◆ Images for object localization:
┄┄┄┄┄┄┄┄┄┄┄┄┄┄┄┄┄┄┄┄

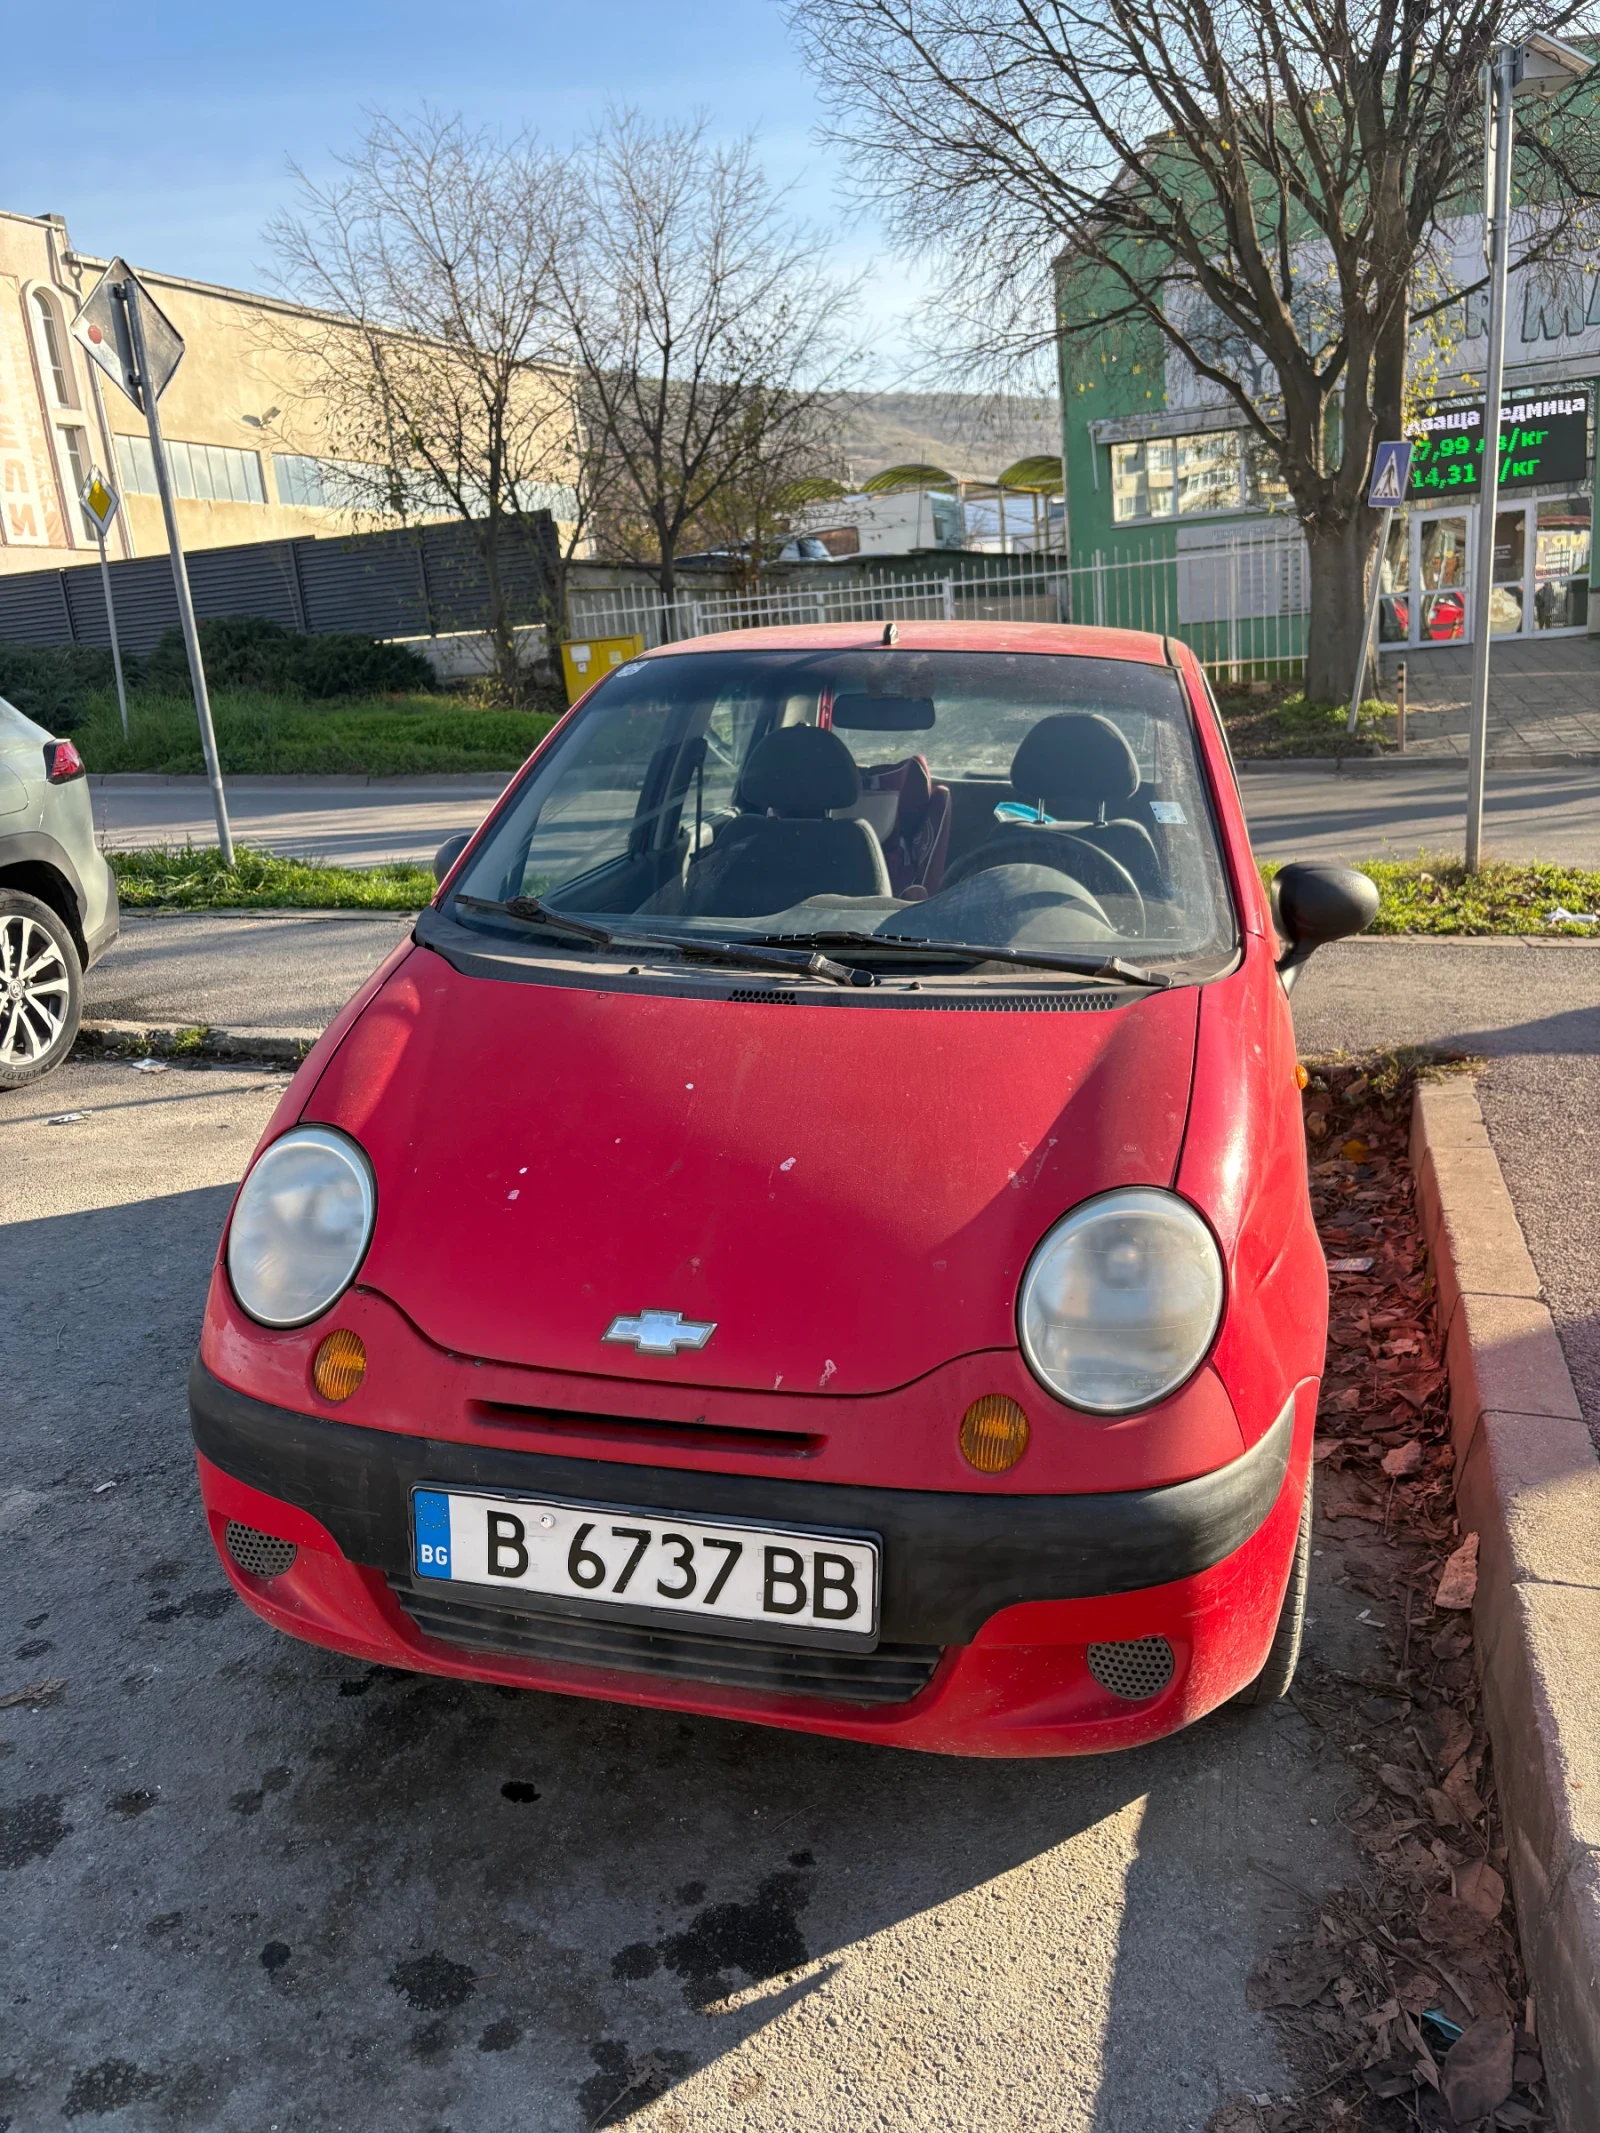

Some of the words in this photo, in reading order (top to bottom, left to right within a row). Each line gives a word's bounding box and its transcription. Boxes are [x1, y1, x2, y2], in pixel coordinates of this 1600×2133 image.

[1500, 397, 1586, 425] едмица
[1498, 457, 1541, 484] /кг
[420, 1543, 448, 1566] BG
[486, 1509, 530, 1578] B
[567, 1522, 743, 1605] 6737
[763, 1545, 859, 1620] BB
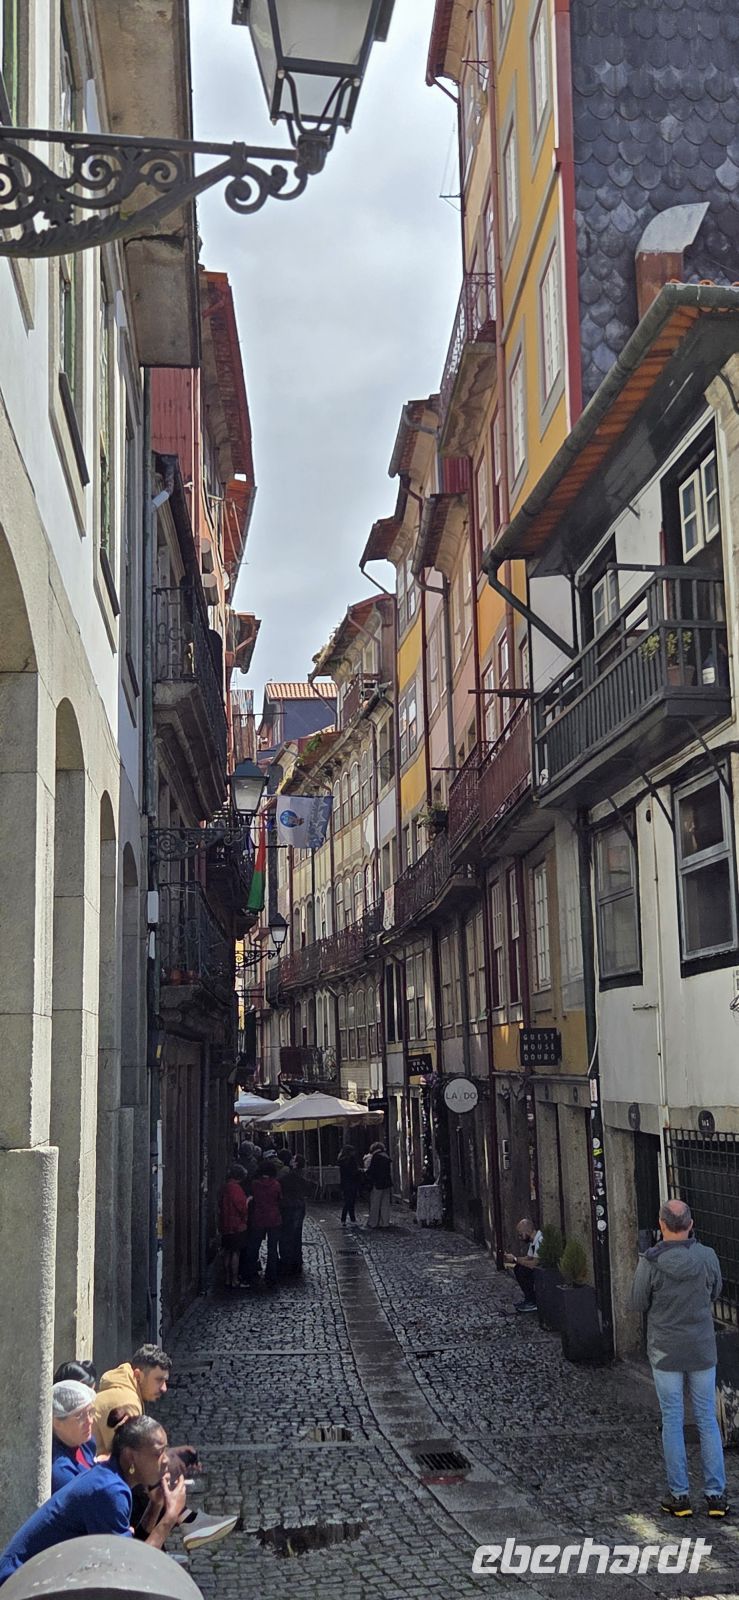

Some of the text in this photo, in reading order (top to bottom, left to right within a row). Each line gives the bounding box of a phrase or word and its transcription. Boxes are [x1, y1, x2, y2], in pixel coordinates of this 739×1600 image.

┄┄┄┄┄┄┄┄┄┄┄┄┄┄┄┄┄┄┄┄

Copy each entry exactly as written. Pictures do not belong in the copy.

◆ The answer:
Some of the words in this photo, in reading order (top to bottom, left to right within a row). Each line gives a word's bounding box and its transcription. Boxes are [x1, y1, x2, y2], in pixel coordinates of this 1600×2133 image.

[1500, 397, 1586, 425] едмица
[1498, 457, 1541, 484] /кг
[420, 1543, 448, 1566] BG
[486, 1509, 530, 1578] B
[567, 1522, 743, 1605] 6737
[763, 1545, 859, 1620] BB

Some of the text in this photo, in reading order (top to bottom, left to right within a row). Each line gives the bounding box of a phrase or word and its transcription. Boxes are [x1, y1, x2, y2], in pixel coordinates of this 739×1600 image.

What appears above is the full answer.